With Anthropic's tool use features, you can enforce this at the schema level by making your update_memory tool require a justification parameter. The agent physically cannot write to the database without stating its reasoning in the tool call payload, the same way a strict expense system refuses a reimbursement that arrives without a receipt attached.
{
"name": "write_memory",
"description": "Store a new fact in long-term memory. You must justify this extraction.",
"input_schema": {
"type": "object",
"properties": {
"fact": {"type": "string"},
"justification": {"type": "string", "description": "The exact quote or reasoning that validates this fact"}
},
"required": ["fact", "justification"]
}
}
The cost of immutability
None of this comes free.
Storage cost and retrieval complexity are the two bills you pay. Your vector database balloons because every historical variant of a fact stays on disk forever. A user who revises their address three times now has four rows where a mutable store would have one.
The retrieval step is where it bites harder. Run a naive vector search against an append-only store and you can pull back a superseded version of a memory purely because its embedding happens to sit closer to the query than the current one. The agent then acts on the user's old address, confidently.
Reaching for a vector database that supports pre-filtering is the fix. Filter the search to vectors where valid_to IS NULL before similarity ranking runs, so deprecated rows never enter the candidate set. We use SQLite-vec for local testing precisely because it combines relational metadata filters with vector similarity in one query.
Shadowing vs. Versioning
When pre-filtering vectors is too slow or your infrastructure does not support it, Relational Shadowing is the fallback.
The pattern keeps a standard, mutable vector database for fast retrieval, and every mutation to that store also writes a synchronous, immutable log row to a relational database like PostgreSQL. The fast path and the audit path run side by side.

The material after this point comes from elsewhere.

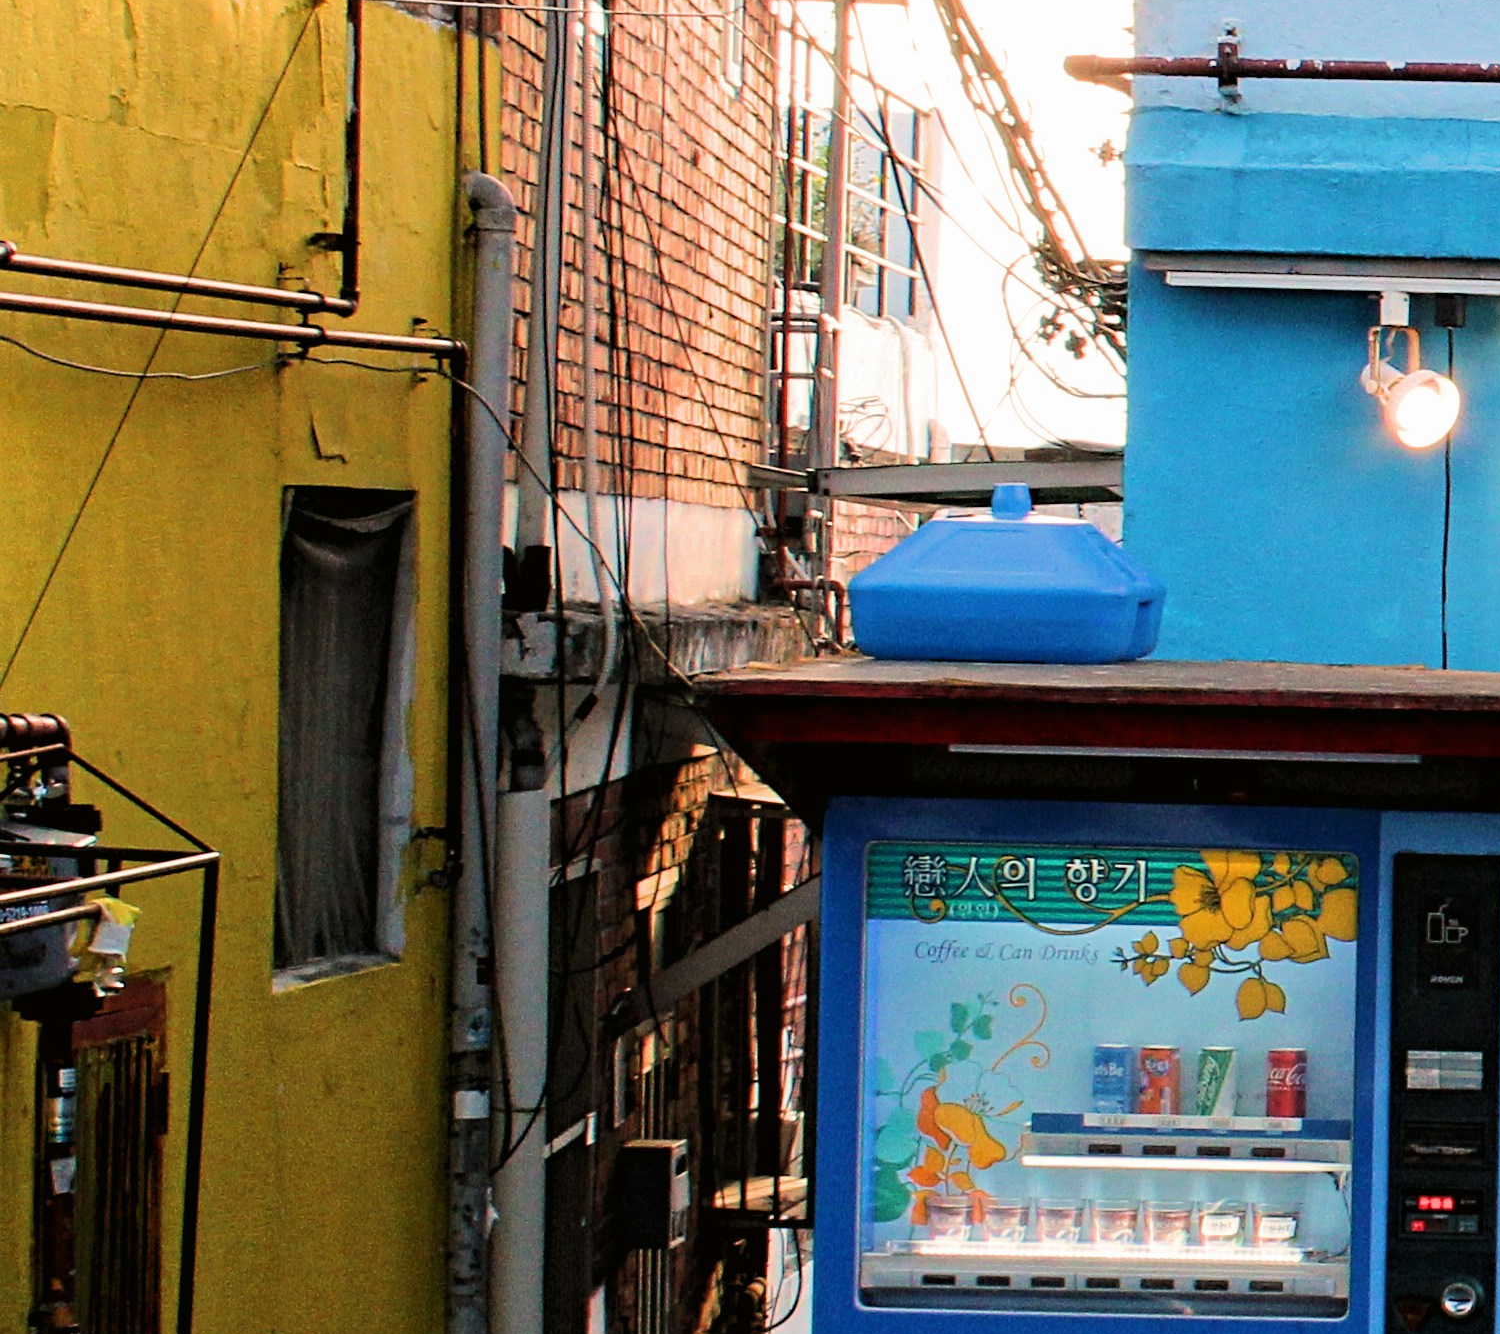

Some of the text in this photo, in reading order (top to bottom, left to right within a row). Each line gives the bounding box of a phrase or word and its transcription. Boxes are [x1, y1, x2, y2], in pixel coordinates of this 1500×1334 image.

[1065, 857, 1149, 903] 향기
[914, 941, 1098, 965] Coffee & Can Drinks

Semantic search lives in the vector DB, the audit record lives in Postgres. Need to reconstruct the past? Pull the event log from Postgres and replay it to rebuild the exact state. That replay-from-the-log idea is what I covered when discussing state persistence across sessions. The agent stays fast, and the compliance team still gets its paper trail.
FAQ
How long should we keep historical memory versions? Treat them like application logs. For standard debugging, 30 to 90 days is usually sufficient. For regulated environments (finance, healthcare), you must tie the retention policy to your standard data compliance rules, which can mean 7 years. You must also implement hard-delete workflows for GDPR/CCPA compliance, which breaks the immutability rule by legal necessity.
Doesn't keeping every version increase hallucination risk?

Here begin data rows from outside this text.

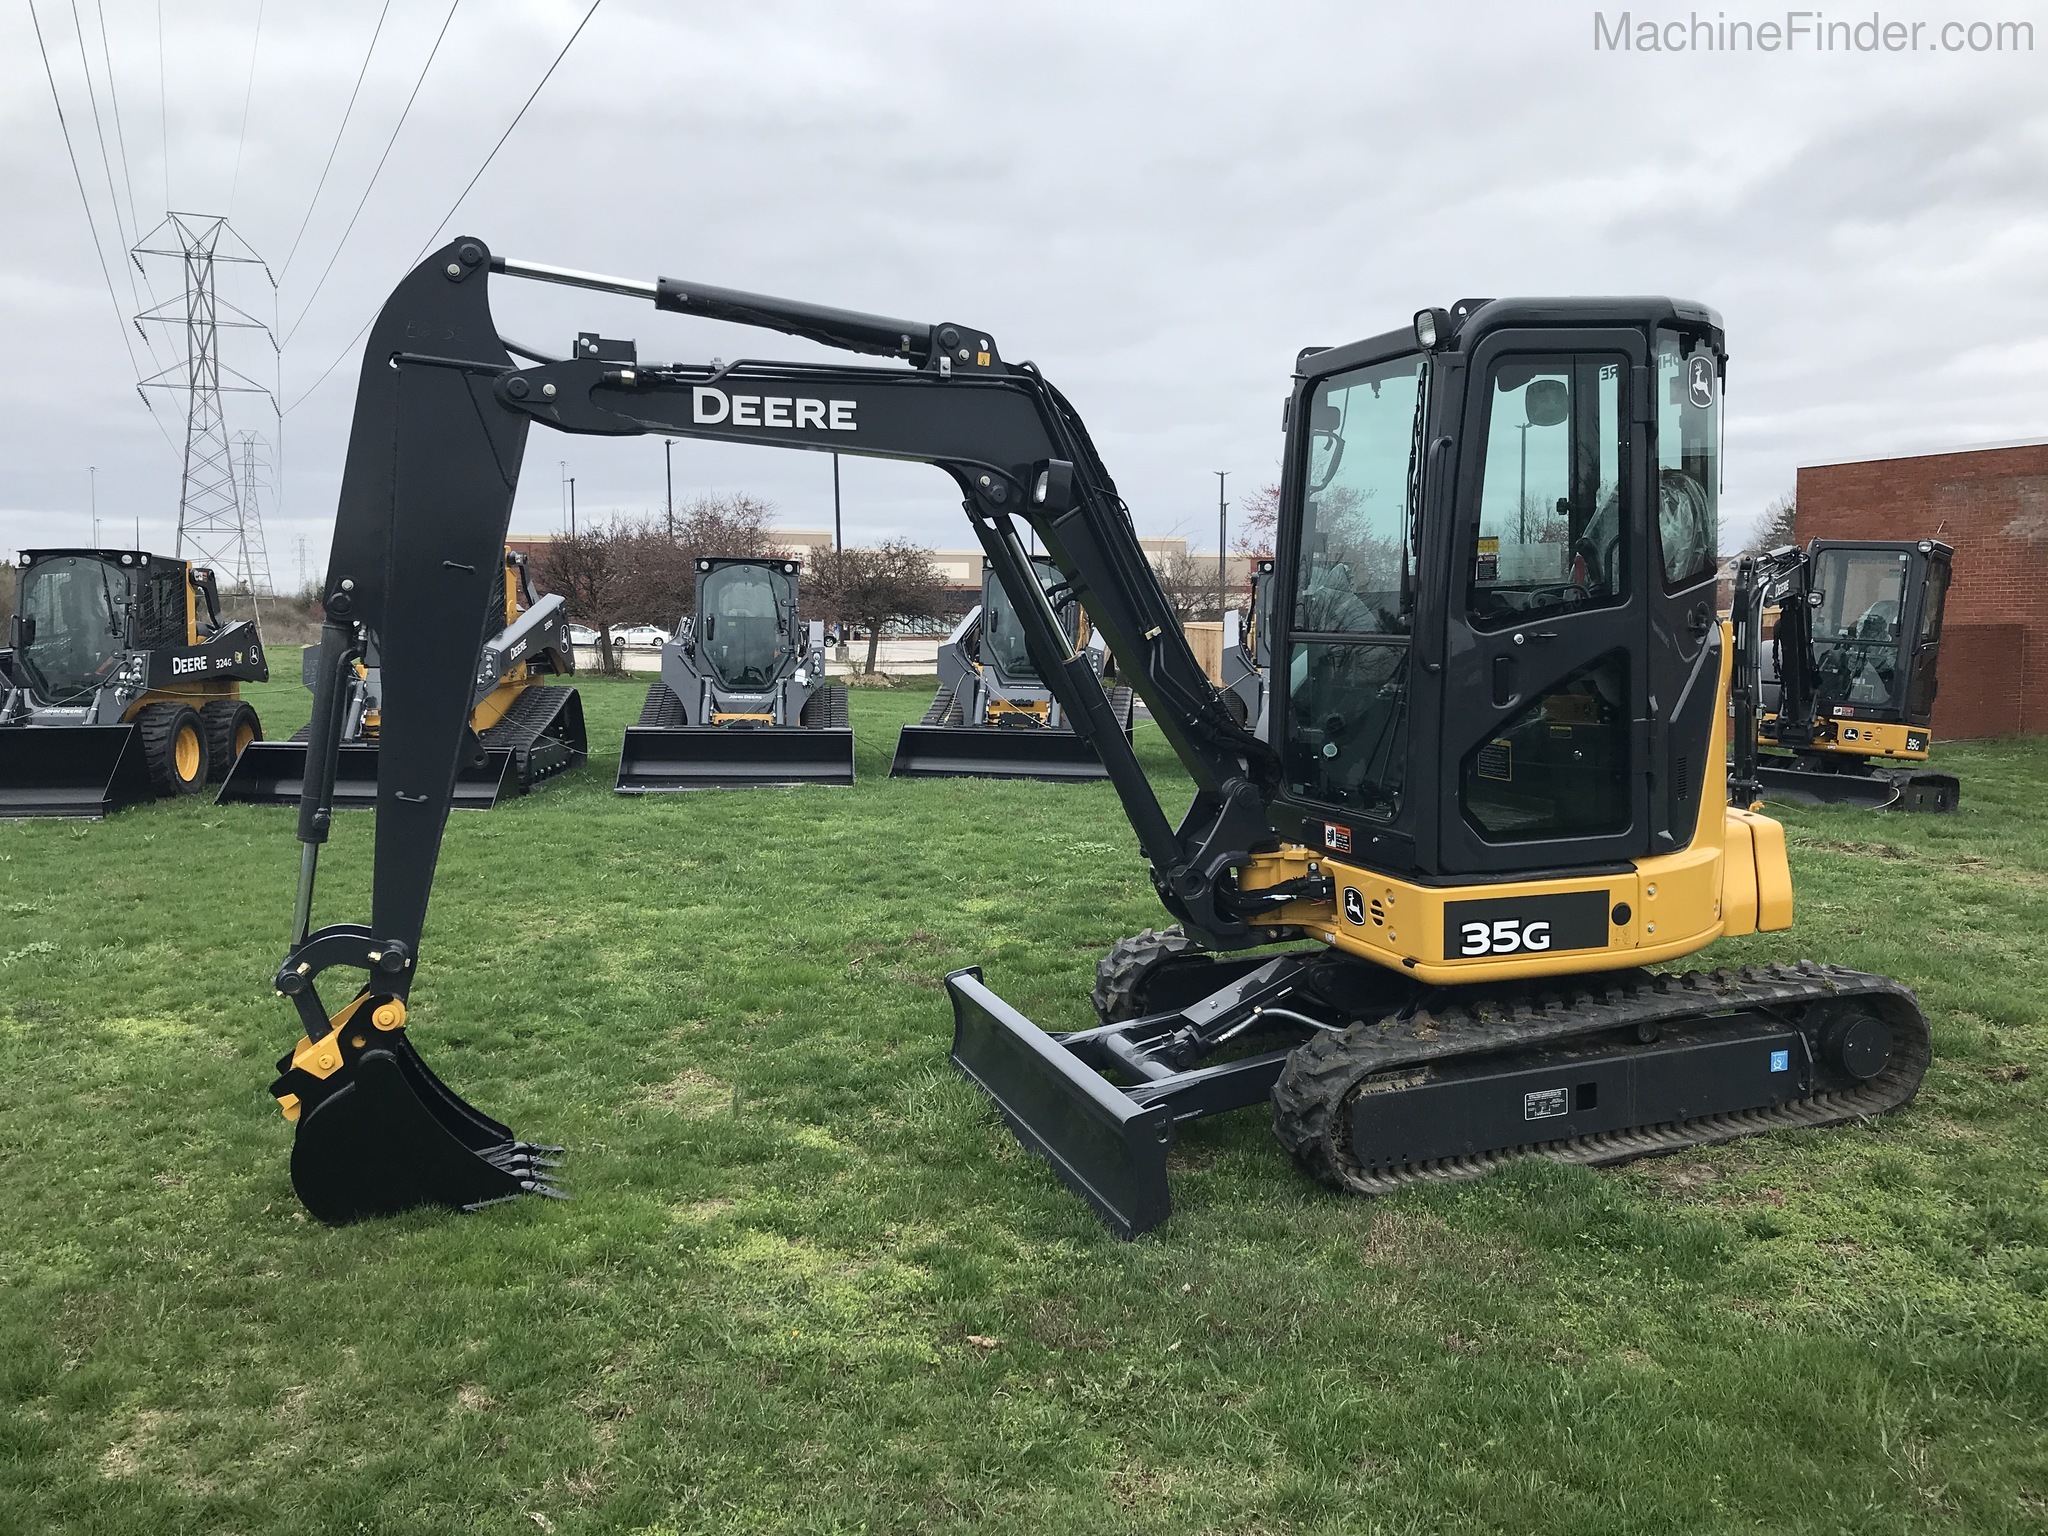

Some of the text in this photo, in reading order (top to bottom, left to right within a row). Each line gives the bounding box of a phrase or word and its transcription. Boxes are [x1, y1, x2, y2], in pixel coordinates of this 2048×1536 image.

[693, 386, 857, 431] DEERE
[1775, 579, 1790, 598] DEERE
[510, 638, 528, 661] DEERE
[172, 655, 232, 675] DEERE 324G
[1462, 920, 1550, 955] 35G

Only if your retrieval pipeline is sloppy. If you fail to filter out deprecated memories (valid_to IS NOT NULL), the agent will pull contradictory facts into its context window and hallucinate trying to reconcile them. Strict metadata filtering is mandatory.
Can we just use git for this? There is an emerging pattern called Git-ContextController where agent state is literally committed to a git repository as text files. It works beautifully for local, single-tenant agents because you get diffs, branches, and time-travel for free. It scales poorly for high-throughput, multi-tenant cloud agents because of locking and concurrency issues.
What about cryptographic signing? For non-repudiation, where you have to prove to a third party that nobody tampered with the logs, you can cryptographically sign each memory row. You hash the payload, the timestamp, and the hash of the previous row, which chains every entry to the one before it so editing any single row breaks every hash downstream. The structure is overkill for nearly every application, and warranted when your agent is executing autonomous financial trades that a counterparty might later dispute.